Girişimsel Nöroloji, beyin damar hastalıklarının tedavisinde çığır açan, minimal invaziv bir yaklaşımdır. Bu alanda yapılan işlemler, açık cerrahi kesiler ve doku yaralanmaları olmaksızın, damar içerisinden gerçekleştirilir ve halk arasında "kapalı beyin damar ameliyatı" olarak da bilinir. Bu yöntem, tanı ve tedavinin tüm aşamalarının cihaz ekranında canlı olarak gözlemlenmesine olanak tanırken, enfeksiyon riskini de yok denecek kadar düşük seviyeye indirir. Ayrıca, açık cerrahide olduğu gibi hasta damara ulaşmak için damarın çevresindeki başka dokuların kesilmesine gerek kalmaz.

Girişimsel Nöroloji, beyin damarlarında meydana gelen çeşitli sorunlara çözüm sunar. Bu yöntemle tedavi edilen başlıca beyin damar hastalıkları şunlardır:

  • Anevrizma (baloncuk) tedavisi 
  • Arteriovenöz Malformasyon (AVM) ve Arteriovenöz Fistül (AVF) tedavisi 
  • Şah damarı ve beyin ve boyun damar darlıkları tedavisi 
  • Pıhtı (İnme) tedavisi 
  • Beyin kanaması sonrası damar büzüşmesi (vazospazm) tedavisi 
  • Beyin ve omurilik tümörlerine yardımcı tedavi 

İnme Tedavisi

İnme (felç), beyin damarlarının tıkanması veya kanaması sonucu beynin bir bölgesinin geçici veya kalıcı olarak fonksiyonlarını yitirmesiyle ortaya çıkan acil bir tıbbi durumdur. İnme tedavisinde zaman kritik öneme sahiptir; erken müdahale kalıcı hasarı önleyebilir.

  • İskemik İnme (Tıkanmaya Bağlı) Tedavisi: Beyin damarlarındaki kan pıhtılarını eritmek için trombolitik ilaçlar (tPA) kullanılır ve belirtiler başladıktan sonra mümkün olan en hızlı sürede başlanması kritik öneme sahiptir (ilk 4,5 saat içinde). Büyük damar tıkanıklıklarında oluşan pıhtıları stent ve/veya kateter ile çıkarmak için mekanik trombektomi adı verilen anjiografik bir yöntem uygulanır. Mekanik trombektomi ne kadar erken yapılırsa o kadar etkin olur ve en hızlı sürede işleme başlamak gerekir; bulgular başladıktan sonraki ilk 6 saatte ve uygun hastalarda ilk 24 saatte uygulanabilir.
  • Hemorajik İnme (Kanamaya Bağlı) Tedavisi: Kanamanın yeri, büyüklüğü ve altta yatan nedene göre tedavi planı yapılır. Kanamayı kontrol altına almak ve beyin içi basıncı azaltmak için tansiyonun düşürülmesi esastır. Kan pıhtılarını temizlemek, yırtılmış kan damarını onarmak veya beyindeki baskıyı hafifletmek için cerrahi girişim gerekebilir.

Karotis Stent

Karotis arterler, halk arasında "şah damarı" olarak bilinen, beyne oksijen ve besin taşıyan en önemli atardamarlardır. Karotis arter darlığı, bu damarların iç yüzeyinde plak birikimi sonucu oluşan daralmadır ve inme riskini önemli ölçüde artırır. 
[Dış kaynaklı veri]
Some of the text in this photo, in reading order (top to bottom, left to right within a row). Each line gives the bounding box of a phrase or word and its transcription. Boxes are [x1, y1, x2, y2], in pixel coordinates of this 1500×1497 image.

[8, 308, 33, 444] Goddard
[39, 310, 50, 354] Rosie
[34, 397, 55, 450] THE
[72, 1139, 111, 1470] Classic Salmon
Karotis stentleme, şah damarındaki daralmaların tedavisinde kullanılan, inmeyi önlemeyi amaçlayan minimal invaziv bir yöntemdir. Bu işlem, %50'den fazla darlığa sahip karotis arter nedeniyle inme veya mini inme belirtileri gösteren hastalar ile belirti göstermeyen ancak %70 veya daha fazla tıkanıklığı olanlar başta olmak üzere inme riski yüksek olan tedavi gereken hastalarda uygulanır. Özellikle açık cerrahi operasyon açısından yüksek risk taşıyan hastalar için uygun bir seçenektir. 
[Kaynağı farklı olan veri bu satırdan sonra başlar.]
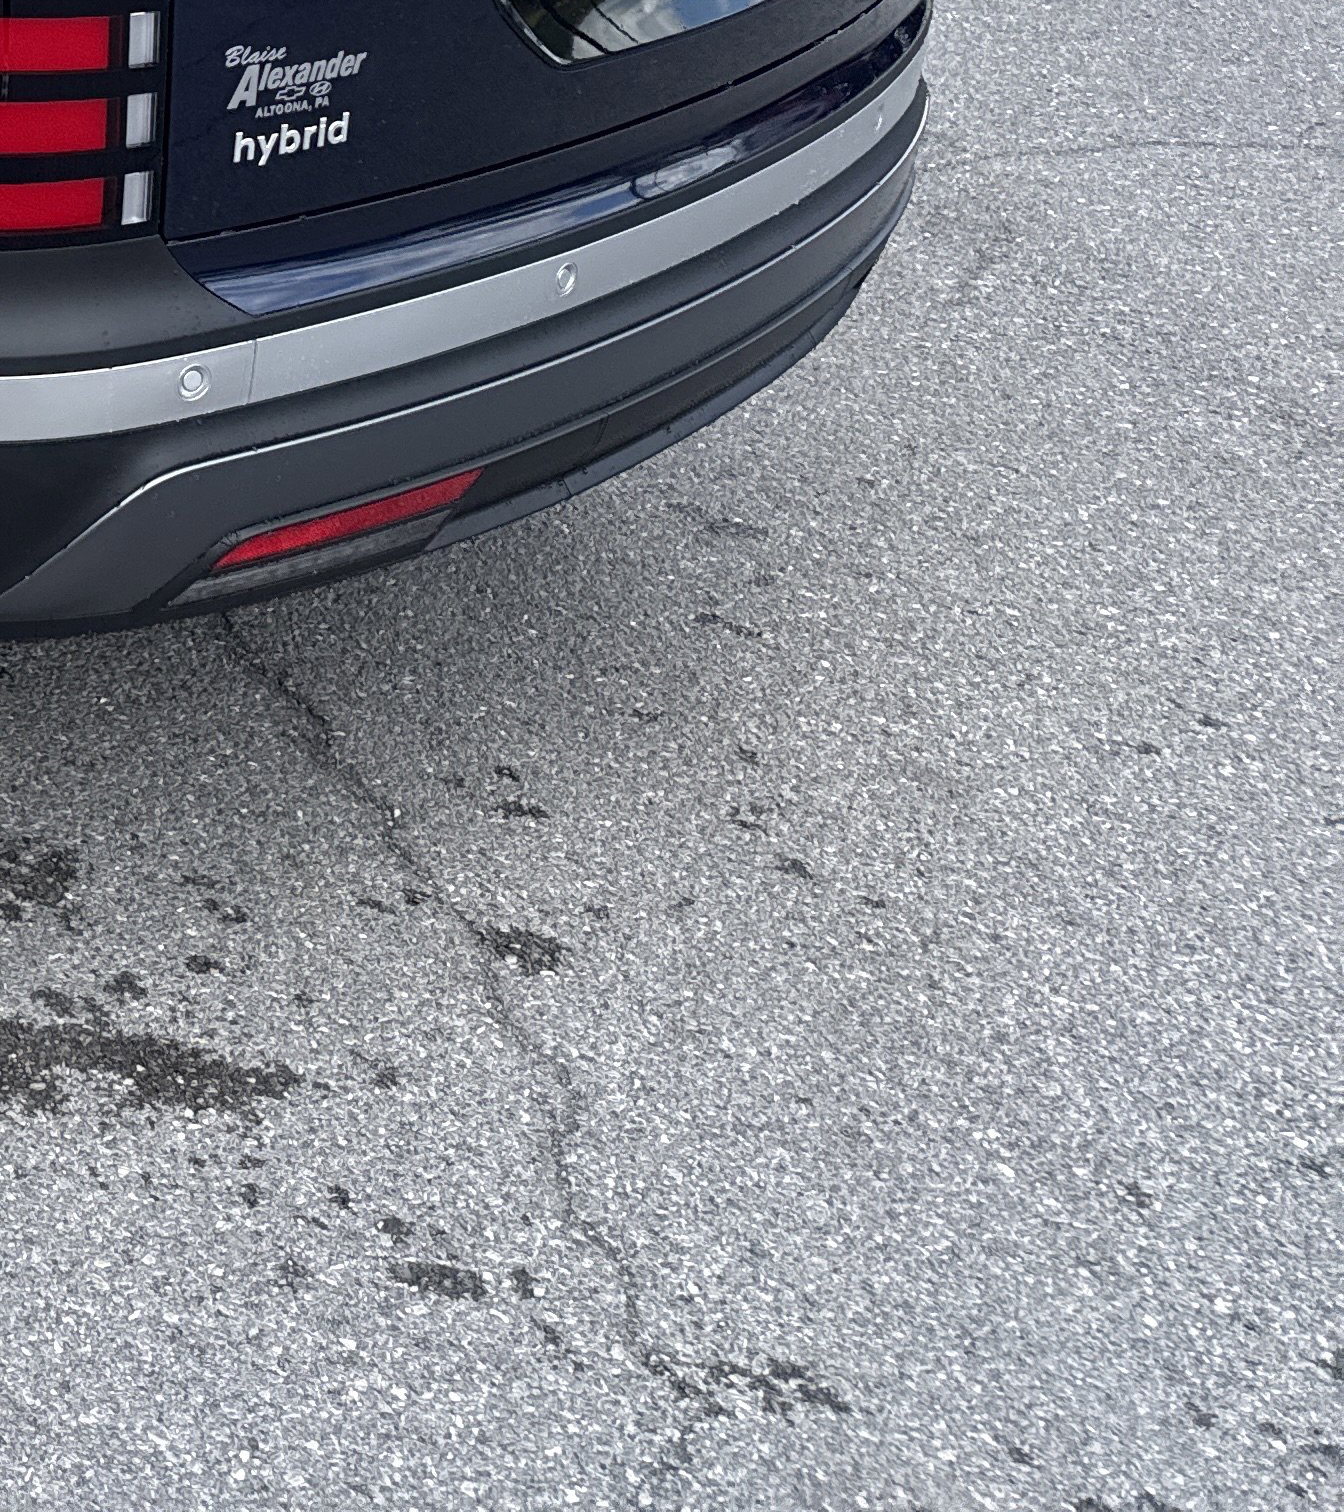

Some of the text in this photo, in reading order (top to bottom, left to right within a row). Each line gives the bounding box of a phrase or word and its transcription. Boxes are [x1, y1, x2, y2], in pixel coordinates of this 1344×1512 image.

İşlem genellikle kasık veya kol damarlarından (femoral, brakiyal veya radyal arter) birine küçük bir kesi yapılarak kateter yerleştirilmesiyle başlar. Kateter, daralma bölgesine doğru ilerletilir ve stent ile damar açılır. Gerekirse, stent içine balon şişirilerek daralma daha da genişletilebilir. İşlem sırasında beyne pıhtı atmasını önlemek amacıyla genellikle koruyucu filtreler kullanılır. Karotis stentleme, daha az invaziv olması, büyük cerrahi kesi gerektirmemesi, boyunda sinir hasarı riskinin azalması ve hızlı iyileşme süreci sunması gibi avantajlar sağlar. Ancak, inme, kanama, restenoz (stent içinde tekrar daralma) ve geçici baş ağrısı gibi riskleri de bulunmaktadır. Stent yerleştirildikten sonra hastalar genellikle bir günlük hastanede yatış sonrası günlük aktivitelerine dönebilir ve belirli bir süre kan sulandırıcı ilaçlar kullanmaları gerekir.

Vertebral Stent

Vertebral arterler, boynun arka kısmında yer alan ve beynin arka bölgelerine kan sağlayan atar damarlardır. Vertebral arter darlığı (stenoz), bu damarların plak birikimi nedeniyle daralmasıdır ve inme riskini artırabilir. Vertebral arter diseksiyonu (VAD) ise vertebral arterin iç astarında bir yırtık oluşması durumudur ve özellikle 50 yaşın altındaki genç bireylerde felcin önde gelen nedenlerinden biridir.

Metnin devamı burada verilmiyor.